Although things are steadily returning to a pre-COVID state, remote working has become more prevalent, incentivising professional tenants to move to more affordable areas with less concern about the length of their commute. For those who still have to visit the office, South Wales has increasingly good transport links to Bristol and London – and everywhere in between – with the Great Western Railway benefiting from new rolling stock and optimised timetables. The South Wales Metro has also been given the go-ahead, creating exciting prospects for the cities and valleys alike.
Brexit and the government’s response to COVID have both had an impact on migration, both domestically and internationally. Visible shortages of workers have been evident in logistics and distribution – as well as in the steadily reopening hospitality and tourism sectors – as the workforce adapts to the changing economic landscape. We have also seen steady immigration of skilled and professional workers in the healthcare, engineering and technology sectors, complementing the extant audience of quality tenants we have. We have continued to ensure that our referencing and vetting standards are high, with our key aim to ensure that the risk of dilapidation and rent arrears is mitigated to the greatest extent possible.

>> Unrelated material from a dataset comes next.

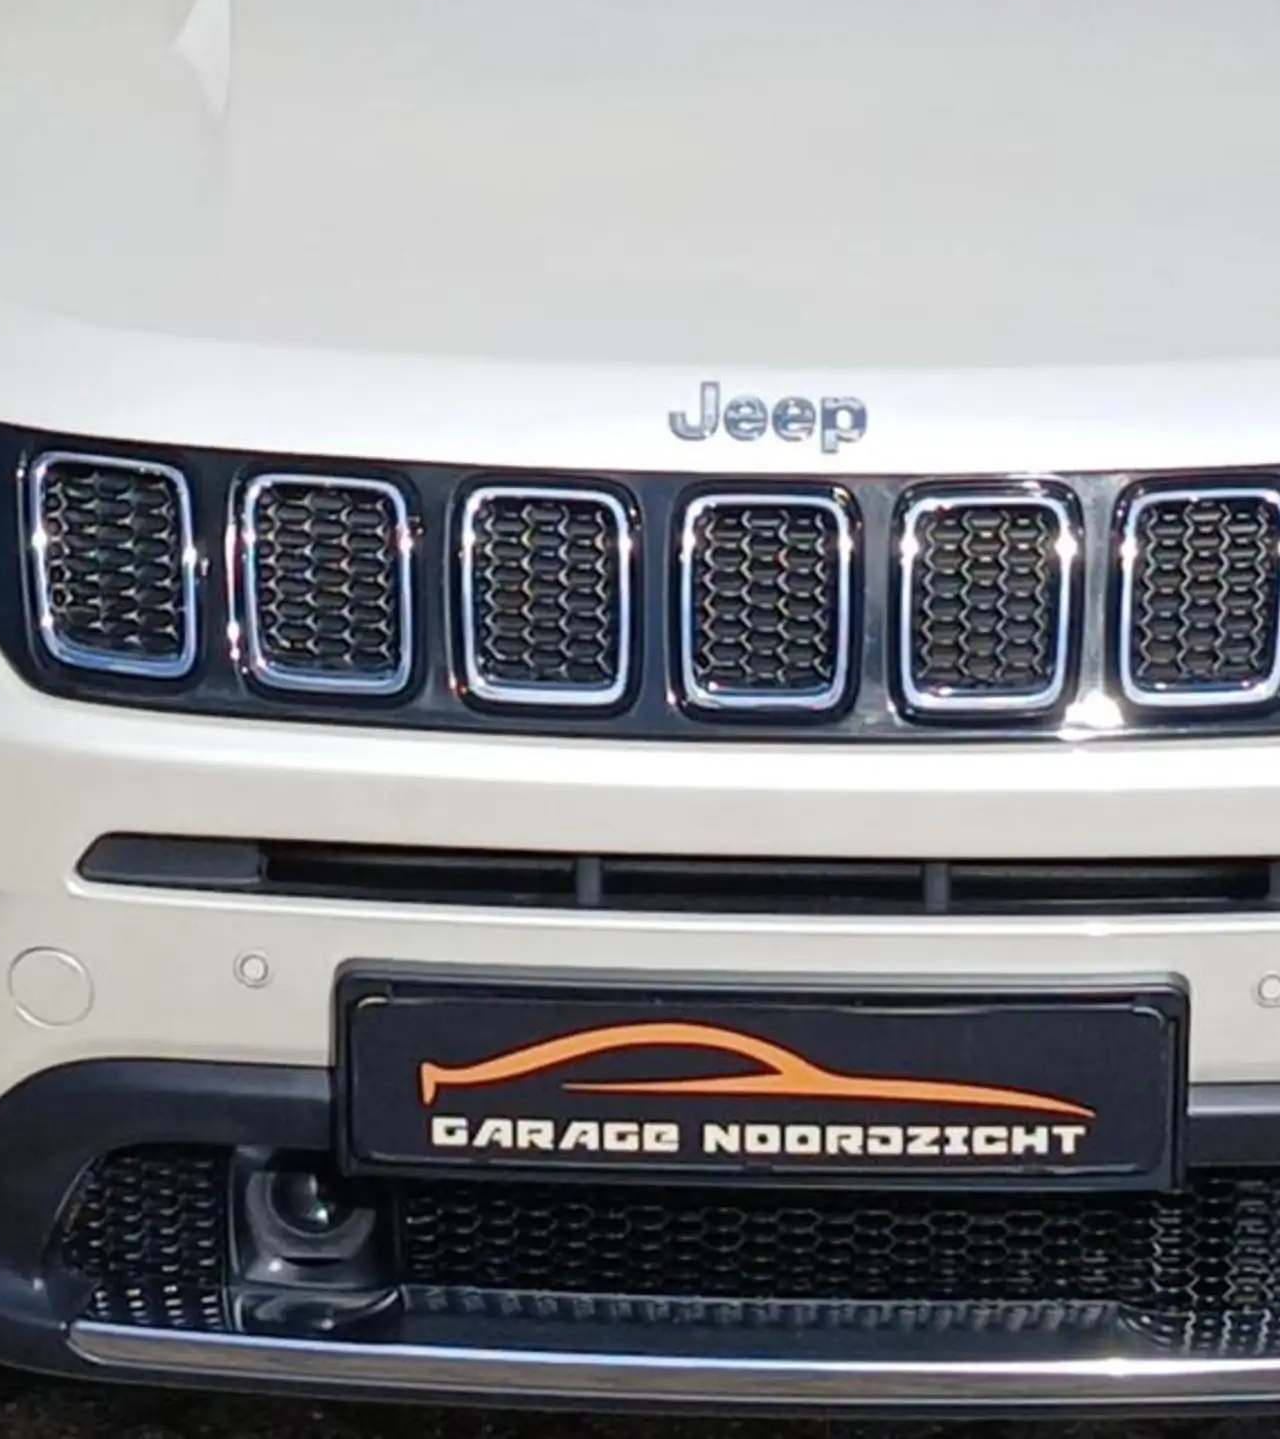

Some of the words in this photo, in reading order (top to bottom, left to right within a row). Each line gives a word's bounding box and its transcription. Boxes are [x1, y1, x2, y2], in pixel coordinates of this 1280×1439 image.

[668, 380, 869, 454] Jeep
[431, 1116, 680, 1153] GARAGE
[702, 1122, 1088, 1156] NOORDZICHT

Rent increases have a ceiling, however, especially in the context of inflation as a whole. The costs of utilities, fuel and groceries have all increased significantly over the same period, and we must be conscious of our tenants’ affordability ceiling, particularly if we consider rising personal indebtedness and wage inflation not keeping pace. More than ever, our Rent Protection service is a must-have for landlords, and our offering now provides greater peace of mind. Click here to find out more.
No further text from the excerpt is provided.